§ **Exercise instructions**
The answer should be every line below, retyped exactly.

***** Source data

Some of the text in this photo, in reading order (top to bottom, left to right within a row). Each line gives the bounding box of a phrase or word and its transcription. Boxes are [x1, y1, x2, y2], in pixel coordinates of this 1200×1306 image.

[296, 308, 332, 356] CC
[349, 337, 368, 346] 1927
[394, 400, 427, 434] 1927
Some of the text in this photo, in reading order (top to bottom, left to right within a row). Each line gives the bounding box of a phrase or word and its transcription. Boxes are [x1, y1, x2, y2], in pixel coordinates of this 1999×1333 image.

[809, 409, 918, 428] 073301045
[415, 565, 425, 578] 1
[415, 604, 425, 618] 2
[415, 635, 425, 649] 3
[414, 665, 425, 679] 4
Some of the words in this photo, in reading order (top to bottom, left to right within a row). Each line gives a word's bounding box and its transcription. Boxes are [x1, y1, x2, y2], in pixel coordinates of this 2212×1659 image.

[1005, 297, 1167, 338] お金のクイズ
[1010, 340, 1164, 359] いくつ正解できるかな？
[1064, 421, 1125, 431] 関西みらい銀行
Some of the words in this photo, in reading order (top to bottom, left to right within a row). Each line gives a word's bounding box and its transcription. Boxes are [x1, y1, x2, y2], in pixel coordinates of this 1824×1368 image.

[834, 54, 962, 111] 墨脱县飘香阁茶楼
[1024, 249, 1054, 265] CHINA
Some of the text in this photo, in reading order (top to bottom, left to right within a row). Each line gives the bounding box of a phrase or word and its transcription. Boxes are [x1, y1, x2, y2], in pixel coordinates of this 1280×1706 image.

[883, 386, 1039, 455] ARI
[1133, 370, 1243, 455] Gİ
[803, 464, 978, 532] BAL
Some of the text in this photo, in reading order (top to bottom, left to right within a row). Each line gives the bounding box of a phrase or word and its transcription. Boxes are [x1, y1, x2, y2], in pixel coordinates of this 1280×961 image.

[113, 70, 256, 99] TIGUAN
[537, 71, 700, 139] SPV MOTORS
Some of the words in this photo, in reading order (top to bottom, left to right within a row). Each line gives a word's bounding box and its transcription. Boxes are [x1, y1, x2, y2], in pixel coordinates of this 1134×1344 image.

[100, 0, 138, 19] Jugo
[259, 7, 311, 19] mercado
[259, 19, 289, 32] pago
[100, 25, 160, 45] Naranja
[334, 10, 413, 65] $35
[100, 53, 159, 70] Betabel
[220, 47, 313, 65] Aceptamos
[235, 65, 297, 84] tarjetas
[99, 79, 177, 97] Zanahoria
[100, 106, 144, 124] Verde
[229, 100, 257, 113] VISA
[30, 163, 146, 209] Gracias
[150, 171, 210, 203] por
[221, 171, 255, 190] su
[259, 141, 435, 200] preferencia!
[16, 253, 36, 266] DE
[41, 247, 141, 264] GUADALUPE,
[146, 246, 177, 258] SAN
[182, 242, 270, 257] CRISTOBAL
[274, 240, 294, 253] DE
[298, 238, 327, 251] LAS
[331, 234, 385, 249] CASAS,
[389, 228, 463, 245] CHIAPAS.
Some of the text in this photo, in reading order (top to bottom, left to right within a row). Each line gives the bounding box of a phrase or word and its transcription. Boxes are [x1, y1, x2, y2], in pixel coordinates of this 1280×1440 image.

**********

§ **Exercise output**
Some of the text in this photo, in reading order (top to bottom, left to right within a row). Each line gives the bounding box of a phrase or word and its transcription. Boxes are [x1, y1, x2, y2], in pixel coordinates of this 1200×1306 image.

[296, 308, 332, 356] CC
[349, 337, 368, 346] 1927
[394, 400, 427, 434] 1927
Some of the text in this photo, in reading order (top to bottom, left to right within a row). Each line gives the bounding box of a phrase or word and its transcription. Boxes are [x1, y1, x2, y2], in pixel coordinates of this 1999×1333 image.

[809, 409, 918, 428] 073301045
[415, 565, 425, 578] 1
[415, 604, 425, 618] 2
[415, 635, 425, 649] 3
[414, 665, 425, 679] 4
Some of the words in this photo, in reading order (top to bottom, left to right within a row). Each line gives a word's bounding box and its transcription. Boxes are [x1, y1, x2, y2], in pixel coordinates of this 2212×1659 image.

[1005, 297, 1167, 338] お金のクイズ
[1010, 340, 1164, 359] いくつ正解できるかな？
[1064, 421, 1125, 431] 関西みらい銀行
Some of the words in this photo, in reading order (top to bottom, left to right within a row). Each line gives a word's bounding box and its transcription. Boxes are [x1, y1, x2, y2], in pixel coordinates of this 1824×1368 image.

[834, 54, 962, 111] 墨脱县飘香阁茶楼
[1024, 249, 1054, 265] CHINA
Some of the text in this photo, in reading order (top to bottom, left to right within a row). Each line gives the bounding box of a phrase or word and its transcription. Boxes are [x1, y1, x2, y2], in pixel coordinates of this 1280×1706 image.

[883, 386, 1039, 455] ARI
[1133, 370, 1243, 455] Gİ
[803, 464, 978, 532] BAL
Some of the text in this photo, in reading order (top to bottom, left to right within a row). Each line gives the bounding box of a phrase or word and its transcription. Boxes are [x1, y1, x2, y2], in pixel coordinates of this 1280×961 image.

[113, 70, 256, 99] TIGUAN
[537, 71, 700, 139] SPV MOTORS
Some of the words in this photo, in reading order (top to bottom, left to right within a row). Each line gives a word's bounding box and its transcription. Boxes are [x1, y1, x2, y2], in pixel coordinates of this 1134×1344 image.

[100, 0, 138, 19] Jugo
[259, 7, 311, 19] mercado
[259, 19, 289, 32] pago
[100, 25, 160, 45] Naranja
[334, 10, 413, 65] $35
[100, 53, 159, 70] Betabel
[220, 47, 313, 65] Aceptamos
[235, 65, 297, 84] tarjetas
[99, 79, 177, 97] Zanahoria
[100, 106, 144, 124] Verde
[229, 100, 257, 113] VISA
[30, 163, 146, 209] Gracias
[150, 171, 210, 203] por
[221, 171, 255, 190] su
[259, 141, 435, 200] preferencia!
[16, 253, 36, 266] DE
[41, 247, 141, 264] GUADALUPE,
[146, 246, 177, 258] SAN
[182, 242, 270, 257] CRISTOBAL
[274, 240, 294, 253] DE
[298, 238, 327, 251] LAS
[331, 234, 385, 249] CASAS,
[389, 228, 463, 245] CHIAPAS.
Some of the text in this photo, in reading order (top to bottom, left to right within a row). Each line gives the bounding box of a phrase or word and its transcription. Boxes are [x1, y1, x2, y2], in pixel coordinates of this 1280×1440 image.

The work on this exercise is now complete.